Dominic Waldhör was born in Linz, Austria in 1992. He studied at the TU Wien, Vienna, Austria where he received the BSc degree in Electrical Engineering and the Diplomingenieur degree in Microelectronics and Photonics in 2018. He joined the Institute for Microelectronics in October 2018 where he works as PhD student. His current research focuses on the ab initio simulation of oxide defects in semiconductor devices.

Silicon-Impurity Defects in Calcium Fluoride: A First Principles Study

CaF2, or calcium fluoride, has demonstrated significant potential as a dielectric material in emerging two-dimensional (2D) electronic devices. Its wide bandgap of Eg=12.1 eV substantially reduces gate-leakage currents, when compared to other insulators commonly used for 2D devices, such as hexagonal boron nitride. Moreover, its chemically inert surface, resulting from the strong ionic bonding, allows for the formation of quasi-van der Waals interfaces with various 2D materials, including graphene and transition metal dichalcogenides (TMDs). A possible gate stack featuring CaF2 grown on an Si(111) substrate is illustrated in Fig. 1.

Despite its advantages as a gate dielectric, CaF2-based devices still exhibit greater hysteresis during gate voltage sweeps and a larger bias temperature instability (BTI) compared to established silicon technologies, currently employed in the semiconductor industry. Both of these phenomena are generally caused by charge trapping at defect sites in the insulator. In this work, we conduct a theoretical study based on density functional theory (DFT) to identify the possible defects which are responsible for BTI and hysteresis in CaF2-based devices. Specifically, we focus on silicon-impurity defects, as CaF2 is typically grown on a Si(111) substrate by molecular beam epitaxy (MBE) for device applications. During this process, individual Si atoms from the initial Si surface can be incorporated into the CaF2 film at interstitial sites (Sii) or replace a calcium atom (SiCa), as depicted in Fig. 2.

Utilizing DFT, we calculated the relaxation energy and the thermodynamic trap levels – the most crucial parameters governing charge trapping dynamics – for the Sii and SiCa defects.

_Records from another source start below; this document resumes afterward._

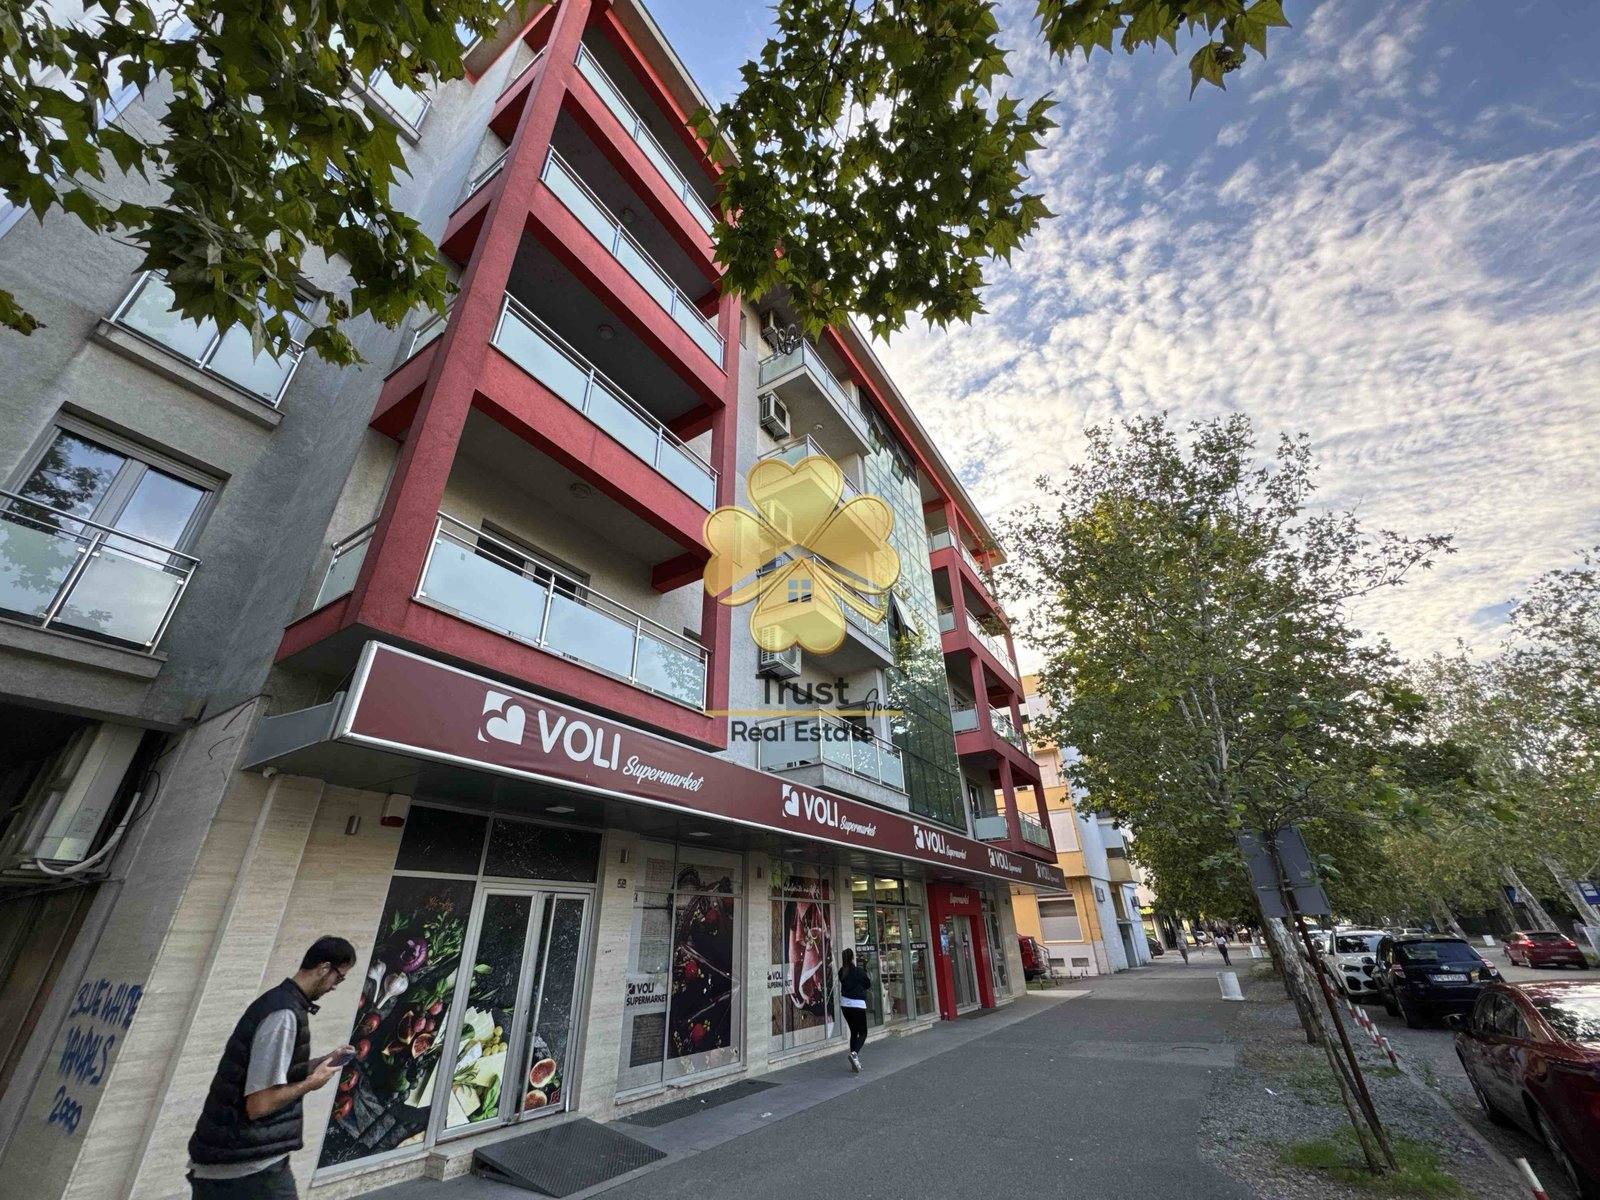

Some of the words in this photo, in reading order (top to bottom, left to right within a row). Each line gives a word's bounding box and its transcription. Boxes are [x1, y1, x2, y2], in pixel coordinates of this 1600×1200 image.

[539, 709, 621, 770] VOLI
[622, 755, 704, 792] Supermarket
[802, 792, 838, 827] VOLI
[840, 815, 877, 837] Supermarket
[924, 829, 946, 854] VOLI
[637, 982, 654, 994] VOLI

We discovered that both defects can exist in multiple charge states, ranging from -2 to +4, with trap levels across the CaF2 bandgap. As illustrated in Fig. 3, depending on the 2D semiconductor used, these trap levels can be energetically close to either the valence or conduction band, and thus can potentially act as electrically active charge trapping centers. Since the investigated defects are intrinsic to CaF2 grown on Si(111), they may be the limiting factor for device reliability in this material system.

Fig. 1: Si(111)/CaF2/MoS2 gate stack. Due to its good lattice match, CaF2 can be grown on Si(111) in thin layers. It provides a virtually defect-free quasi van der Waals interface to the 2D material and hence greatly improves the reliability of 2D devices.

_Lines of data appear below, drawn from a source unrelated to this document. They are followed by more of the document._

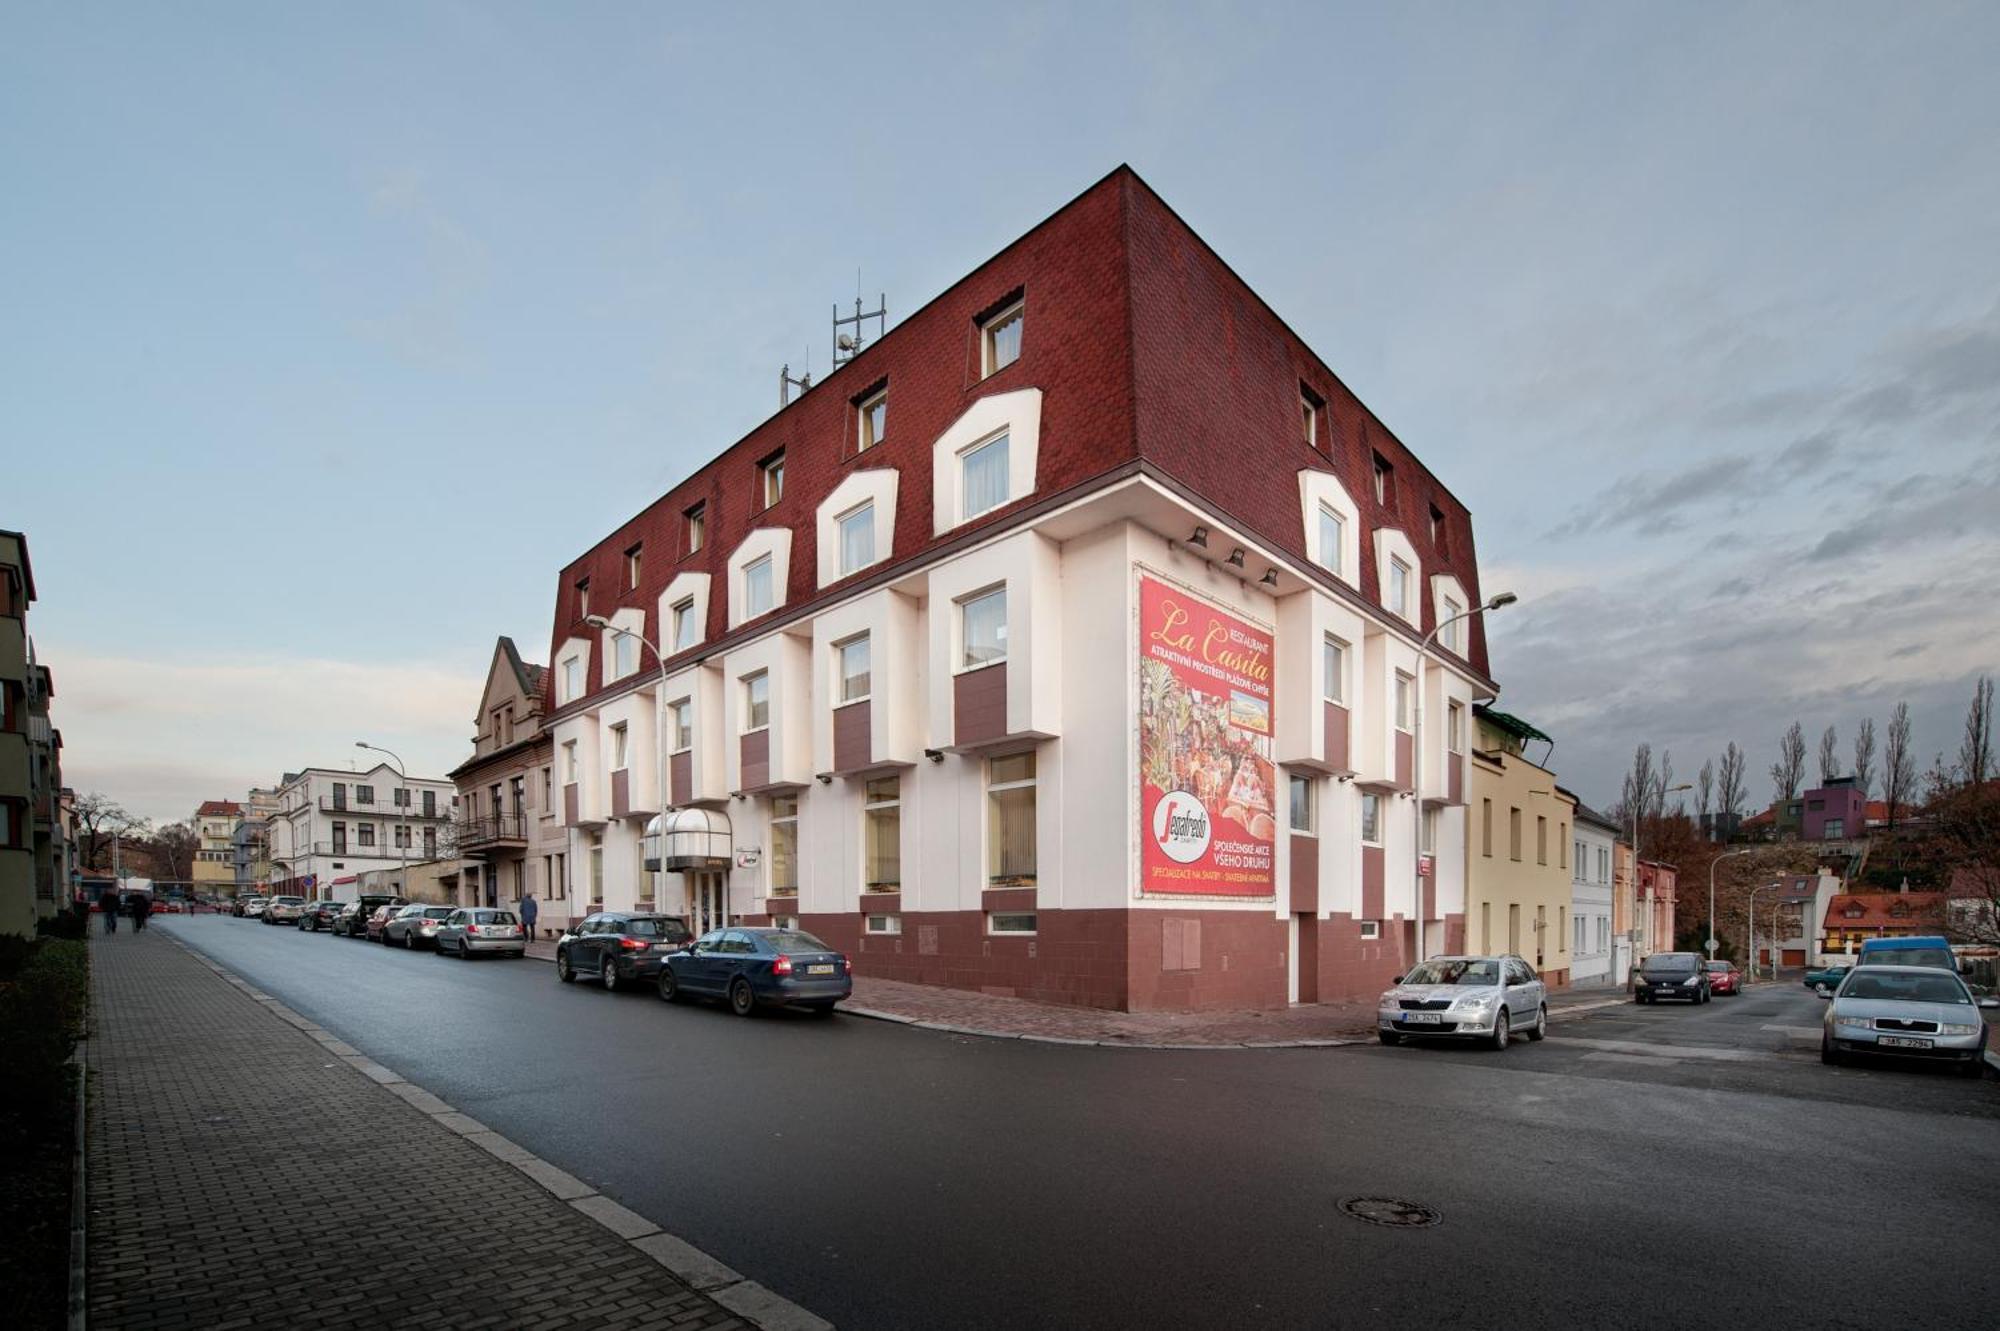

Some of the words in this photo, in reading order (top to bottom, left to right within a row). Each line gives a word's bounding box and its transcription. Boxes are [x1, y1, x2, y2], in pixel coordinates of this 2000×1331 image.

[1150, 599, 1196, 652] La
[1202, 618, 1270, 681] Casita
[1151, 643, 1192, 669] ATRAKTIVNÍ
[1159, 801, 1207, 843] Segafredo
[1213, 839, 1256, 855] SPOLEČENSKÉ
[1213, 851, 1242, 868] VŠEHO
[1242, 855, 1270, 870] DRUHU

Fig. 2: Projected density of states (PDOS) and localized highest occupied molecular orbitals of the Sii (top) and SiCa (bottom) defect. Both defects introduce localized states in the bandgap, as can be seen from the DOS projected onto the Si impurity. Note that the Si PDOS is scaled by a factor of 50 for illustration purposes.

Fig. 3: Trap levels of the Sii and SiCa defects within the bandgap of CaF2, together with the band edges of silicon and several commonly used 2D semiconductors. Alignments between band edges and active defect states are indicated with a dashed line.